‘Give yourself a break.’ Transplant Recipients Share Stories, Advice at July Patient Support Group

Be kind to yourself. That was a common message at the July HeartBrothers Patient Support Group, which welcomed many new people, including a transplant patient still in his hospital bed and one who had been home only a week.


“We all have a little PTSD (post-traumatic stress disorder),” said HeartBrother Hamid Mahdavy, who organizes the virtual Patient Support Group. “Be kind to yourself and to your brain. Give yourself a break. Give yourself a lot of breaks.”
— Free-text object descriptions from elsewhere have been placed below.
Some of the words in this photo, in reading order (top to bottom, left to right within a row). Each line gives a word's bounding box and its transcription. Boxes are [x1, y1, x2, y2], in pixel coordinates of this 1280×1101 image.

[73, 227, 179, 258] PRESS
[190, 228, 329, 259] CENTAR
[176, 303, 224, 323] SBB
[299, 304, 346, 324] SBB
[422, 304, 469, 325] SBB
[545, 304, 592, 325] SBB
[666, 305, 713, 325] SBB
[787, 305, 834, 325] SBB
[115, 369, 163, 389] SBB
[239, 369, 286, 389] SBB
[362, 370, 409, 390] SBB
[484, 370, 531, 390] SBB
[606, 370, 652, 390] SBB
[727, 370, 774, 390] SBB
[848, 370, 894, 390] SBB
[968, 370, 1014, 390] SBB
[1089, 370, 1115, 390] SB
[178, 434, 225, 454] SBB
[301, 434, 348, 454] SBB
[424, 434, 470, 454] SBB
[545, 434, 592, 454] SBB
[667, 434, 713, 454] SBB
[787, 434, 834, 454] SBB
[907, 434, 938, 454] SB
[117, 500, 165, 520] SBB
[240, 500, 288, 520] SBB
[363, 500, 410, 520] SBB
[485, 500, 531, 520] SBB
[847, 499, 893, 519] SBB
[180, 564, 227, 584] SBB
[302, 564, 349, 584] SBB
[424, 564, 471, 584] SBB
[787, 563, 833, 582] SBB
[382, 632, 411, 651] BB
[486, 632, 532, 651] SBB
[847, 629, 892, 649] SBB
The HeartBrothers Foundation serves thousands of heart failure patients and their families with emotional and financial support, educational webinars, the monthly Patient Support Group and other resources. It also runs the HeartBrothers House in Boston, where heart failure patients and families can stay during treatment.
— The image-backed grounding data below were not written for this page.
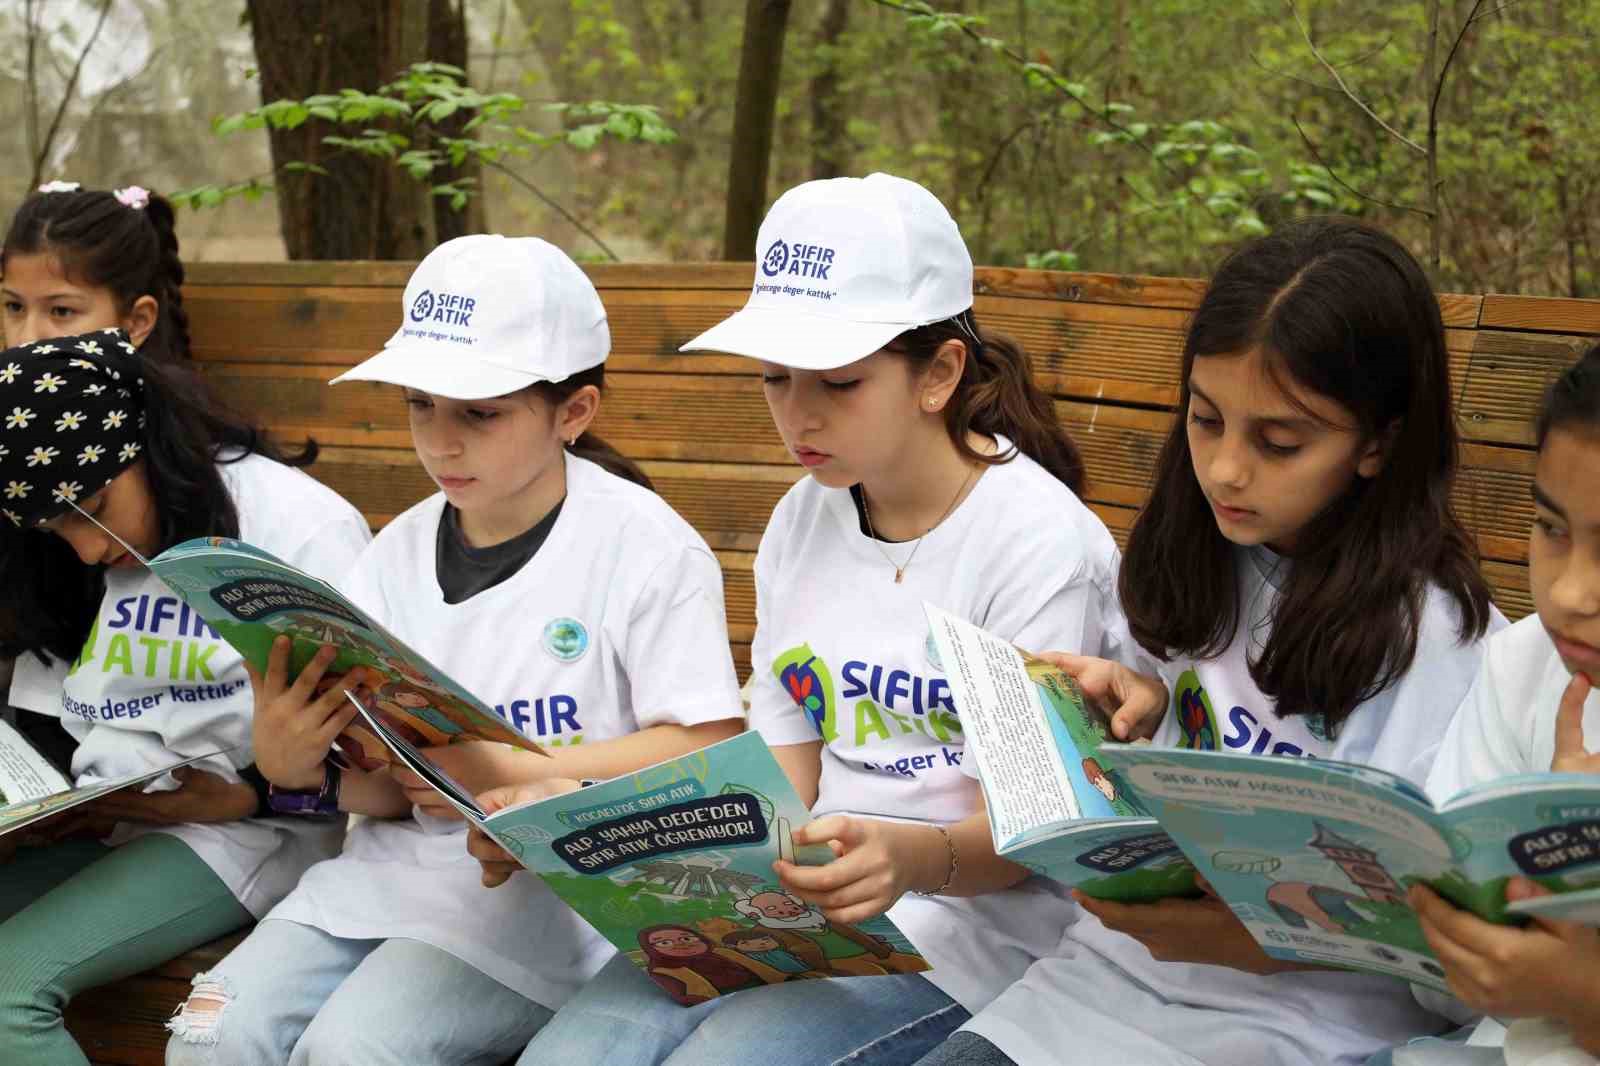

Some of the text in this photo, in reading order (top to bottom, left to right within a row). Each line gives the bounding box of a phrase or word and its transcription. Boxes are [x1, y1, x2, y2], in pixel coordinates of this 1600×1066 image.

[792, 243, 835, 264] SIFIR
[788, 260, 831, 280] ATIK
[437, 293, 476, 312] SIFIR
[433, 308, 472, 327] ATIK
[102, 633, 223, 682] ATIK
[841, 661, 958, 715] SIFIR
[101, 690, 164, 720] deger
[639, 792, 670, 809] SIFIR
[670, 783, 697, 800] ATIK
[598, 819, 658, 842] YAHYA
[658, 802, 749, 829] DEDE'DEN
[578, 848, 620, 869] SIFIR
[618, 838, 656, 856] ATIK
A man named Tom tuned in from his hospital bed at Brigham and Women’s, just one week post-transplant.


“When I was 14, I passed out roller blading,” he said, sharing his story. “I was eventually diagnosed with cardio myopathy. Since then, I had been maintaining a decent ejection fraction. But at the beginning of June it got pretty dire. They put me on ECMO (extracorporeal membrane oxygenation) for 10 days and put me on the transplant list. I only had to wait three days.


“Hopefully, I get discharged home to start the recovery process,” Tom added.
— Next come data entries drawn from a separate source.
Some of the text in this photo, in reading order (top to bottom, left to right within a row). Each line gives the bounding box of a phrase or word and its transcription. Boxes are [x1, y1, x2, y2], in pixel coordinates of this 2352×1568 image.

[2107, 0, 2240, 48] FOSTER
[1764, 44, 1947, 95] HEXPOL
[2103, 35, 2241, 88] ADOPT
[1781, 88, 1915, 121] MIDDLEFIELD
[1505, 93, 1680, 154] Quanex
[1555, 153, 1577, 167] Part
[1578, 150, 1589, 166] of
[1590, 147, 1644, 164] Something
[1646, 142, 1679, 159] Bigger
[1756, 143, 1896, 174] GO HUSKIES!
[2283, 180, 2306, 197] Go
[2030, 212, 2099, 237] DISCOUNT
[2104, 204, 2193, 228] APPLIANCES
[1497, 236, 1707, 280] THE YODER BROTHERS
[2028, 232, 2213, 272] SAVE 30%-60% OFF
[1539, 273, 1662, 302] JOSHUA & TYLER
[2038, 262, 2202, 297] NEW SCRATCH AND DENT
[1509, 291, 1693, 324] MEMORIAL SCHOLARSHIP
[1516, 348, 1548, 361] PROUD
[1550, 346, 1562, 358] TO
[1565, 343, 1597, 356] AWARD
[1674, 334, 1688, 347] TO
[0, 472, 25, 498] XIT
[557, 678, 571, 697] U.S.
Everyone at the meeting offered congratulations.


“Welcome to the community,” Mahdavy said. “It’s great to have you.”


Another man joined from home just one month after his transplant and one week after leaving the hospital.


“In just that one week, I’ve made a lot of progress,” he said. He described difficulties, though, walking in his home, especially climbing stairs. He wondered if that was normal.


“They told me to take two steps up, two steps down holding into the handrail,” shared Mahdavy. “You’ll be surprised how quickly you’ll be moving up those stairs.”


A woman who received her new heart in May added, “You have to persevere with forward motion, a little bit more each day and you’ll get there.”

And a gentleman, who received his transplant several years ago, warned, “Exercise and stay active but don’t overdo it. Stay in constant contact with your transplant team. No question is too petty or small.”


COVID Concerns


The woman who had her transplant in May asked what people are doing to protect themselves from COVID. “I know I don’t have a very strong immune system right now,” she said.


Several people offered advice, including Mahdavy. “After my transplant I stayed home for about six months. I didn’t leave the house until they cleared me to go to cardio rehab. And I didn’t have very many people come over. I wore a mask whenever I left the house. And that was before COVID".


“The first year is critical,” he added.


Mahdavy reported that his doctors just authorized him to get his 5th COVID shot (his third booster). Several patients reported receiving Evusheld injections to boost their immunity against Covid.


Medication Questions


People asked questions and shared stories about their medications, too.


“On steroids, how are you all handling that?” asked one man. “I shake. As I come off that in six months, I’ll be doing much better.”


Other people talked about their iron levels.


“Has anyone had issues with low iron, being anemic?” someone asked.


HeartBrother Ambassador Karen Klimczak, who joined the meeting while going for a walk in the woods, said she received iron infusions, which gave her a lot more energy.


“Sometimes we need a boost and then it’s easier to maintain,” she said.


Klimczak, who received her new heart 18 months ago, shared how hopeful and grateful she feels many days.


“I feel blessed to have a strong, healthy heart and a great support network to help me out as a new heart recipient, a mom and somebody who’s had some struggles with confronting the fact that I’ve had a heart condition for a long time.”